HBsAg = hepatitis B surface antigen

NA = not applicable

Table 2.

Benchmarks for hepatitis C virus testing and linkage to care during the Hepatitis Testing and Linkage to Care (HepTLC) initiative, 25 U.S. programs, October 2012–September 2014a

graphic file with name 2_GuestEdTable2.jpg

a

The HepTLC initiative promoted viral hepatitis B and hepatitis C screening, posttest counseling, and linkage to care at 34 U.S. sites, including 25 programs for hepatitis C testing in Arizona, California, Colorado, Illinois, Maine, New York, North Carolina, Pennsylvania, Puerto Rico, South Carolina, Texas, Virginia, Washington, Washington (DC), and Wisconsin.

bIncludes 57,570 participants who received an anti-HCV test and 7,146 participants who received an HCV RNA test without first obtaining an anti-HCV test.

cThere was no goal for this measure.

dBased on the 57,570 participants who received an anti-HCV test

anti-HCV = HCV antibody

HCV = hepatitis C virus

RNA = ribonucleic acid

NA = not applicable

For HBV and HCV programs, 1,188 of 1,317 (90%) HBsAg-positive participants and 2,798 of 3,449 (81%) HCV RNA-positive participants received their results, which exceeded the program goal of 75% for both indicators. Additionally, 1,098 of 1,317 (83%) HBsAg-positive participants and 2,624 of 3,449 (76%) HCV RNA-positive participants were referred to care, exceeding the program goal of 75% for both indicators. Data from these sites indicate that community-based organizations, public health agencies, and other stakeholders can collaborate with clinical care providers to implement HBV and HCV testing strategies, which successfully provide counseling and care referrals to people with chronic HBV and HCV infection.
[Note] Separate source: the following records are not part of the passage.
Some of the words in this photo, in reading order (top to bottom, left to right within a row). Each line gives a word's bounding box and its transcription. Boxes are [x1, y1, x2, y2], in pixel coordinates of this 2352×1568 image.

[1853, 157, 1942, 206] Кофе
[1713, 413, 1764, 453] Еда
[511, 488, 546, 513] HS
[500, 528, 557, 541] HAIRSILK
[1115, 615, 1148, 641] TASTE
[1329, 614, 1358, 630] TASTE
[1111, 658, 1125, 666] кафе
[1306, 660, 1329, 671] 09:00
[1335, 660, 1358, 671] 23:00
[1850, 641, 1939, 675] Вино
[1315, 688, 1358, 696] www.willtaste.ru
Participating sites anecdotally highlighted factors associated with high rates of testing and linkage to care. These factors included establishing and maintaining strong relationships with local communities and clinical care providers, conducting linguistically appropriate outreach activities, and integrating services with existing community and clinic-based programs (e.g., refugee health clinics, community health centers) to reach target populations.
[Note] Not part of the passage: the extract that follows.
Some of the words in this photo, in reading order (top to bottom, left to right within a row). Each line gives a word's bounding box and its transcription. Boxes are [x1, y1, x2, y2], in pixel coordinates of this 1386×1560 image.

Data reported from these demonstration sites also revealed challenges. For example, HCV RNA testing, which is used to identify current HCV infection, was provided to 4,765 of 7,580 (63%) anti-HCV-positive participants, which was below the program goal of 85% completion of HCV testing to detect current HCV infection. Ensuring that HBV- and HCV-infected participants referred to care attended their first medical appointment also proved challenging. Only 607 of 1,098 (55%) participants referred for HBV care and 1,509 of 2,624 (58%) participants referred for HCV care attended their first medical appointment. For those infected with HBV, barriers to initial receipt of care included transportation, language, and lack of familiarity with the U.S. health-care system. The qualitative data provided by these sites suggest that patient navigators can help resolve some of these issues. For people infected with HCV, reflex testing (i.e., testing a single specimen for both anti-HCV and, for those with positive anti-HCV tests, HCV RNA) can increase the proportion of people diagnosed with current HCV infection. As HCV therapies become easier to administer, colocation of HCV testing and treatment in a primary care setting can increase the number and proportion of HCV-infected people who receive care and antiviral therapy.
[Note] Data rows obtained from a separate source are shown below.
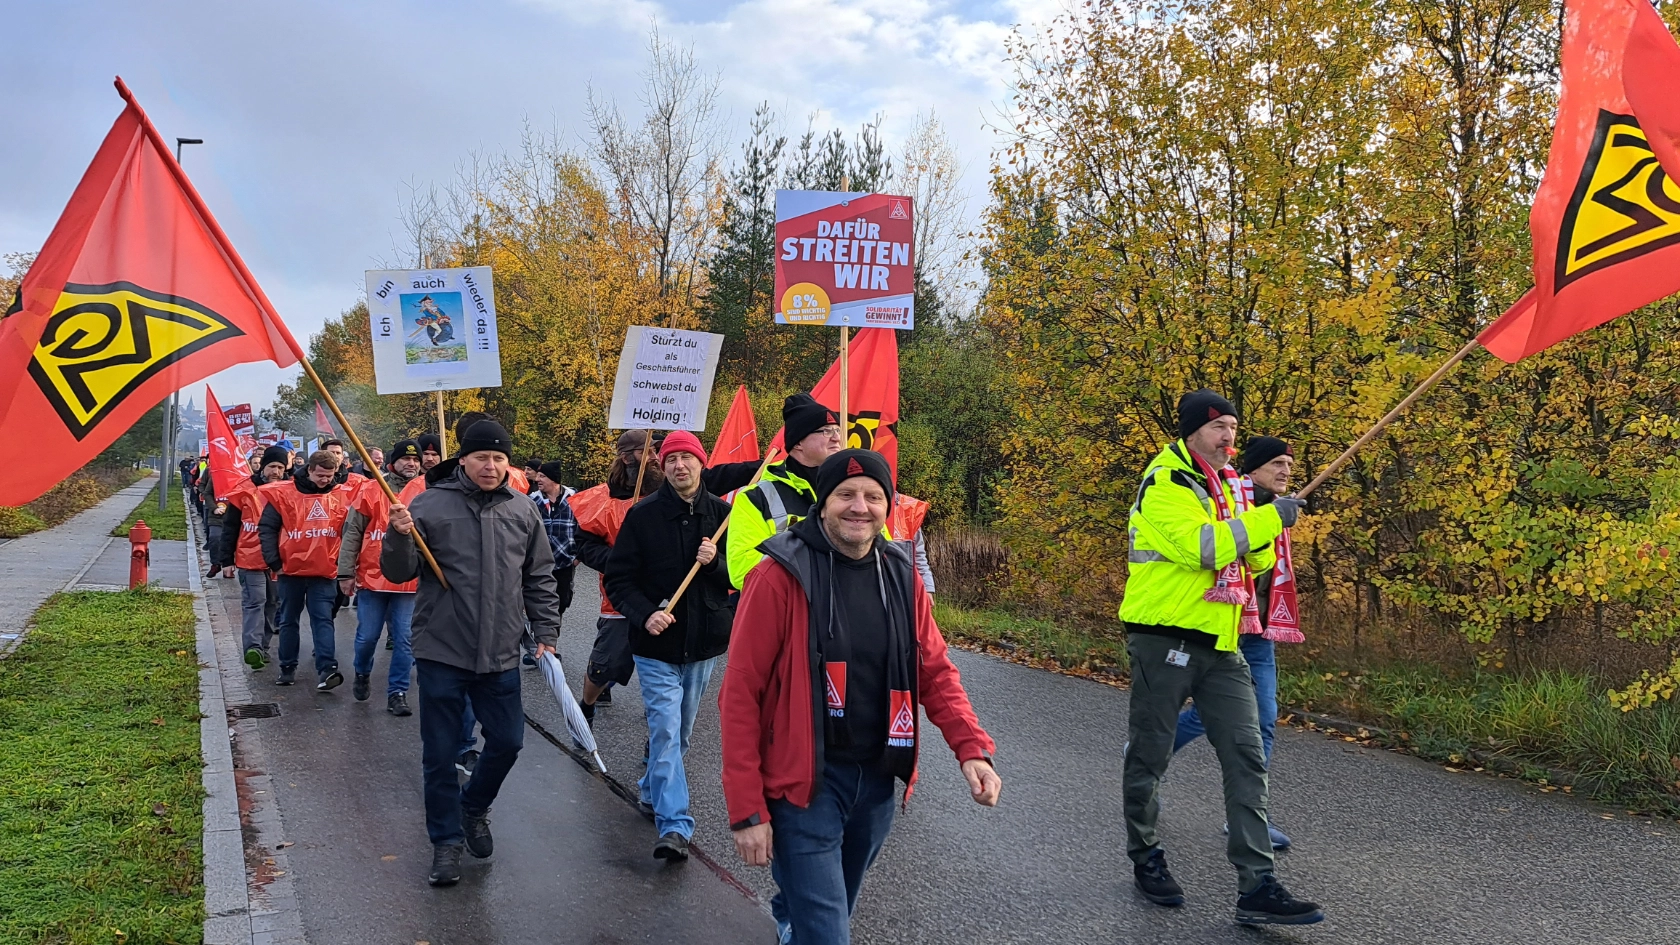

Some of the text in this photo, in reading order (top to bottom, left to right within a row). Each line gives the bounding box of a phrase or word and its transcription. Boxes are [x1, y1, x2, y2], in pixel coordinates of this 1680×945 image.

[817, 218, 881, 240] DAFÜR
[781, 237, 910, 266] STREITEN
[412, 278, 445, 289] auch
[834, 263, 890, 291] WIR
[376, 279, 395, 299] bin
[463, 273, 488, 315] wieder
[865, 306, 902, 314] SOLIDARITÄT
[380, 316, 391, 337] Ich
[477, 318, 488, 335] da
[684, 337, 698, 348] du
[664, 352, 678, 361] als
[635, 362, 701, 375] Geschäftsführer
[633, 380, 697, 393] schwebst du
[650, 395, 675, 405] in die
[632, 407, 681, 425] Holding
[828, 708, 844, 718] RG
With PPHF and HHS funding available, CDC guided the development of programs that increased testing for HBV and HCV infection, improved linkage to care, and made possible additional studies examining the implementation of CDC recommendations for HBV and HCV testing in emergency departments and other settings.6,7 The U.S. Preventive Services Task Force (USPSTF) has incorporated many of CDC's testing recommendations into its guidance for HCV (2013) and HBV (2014) testing.8,9

The data captured by the 34 programs highlighted in this supplemental issue of PHR can be used to guide implementation of CDC and USPSTF recommendations for viral hepatitis screening. With broad, equitable access to HBV and HCV testing, care, and treatment, the morbidity and mortality associated with HBV and HCV infection can be reduced, helping to eliminate hepatitis B and hepatitis C as public health threats in the United States.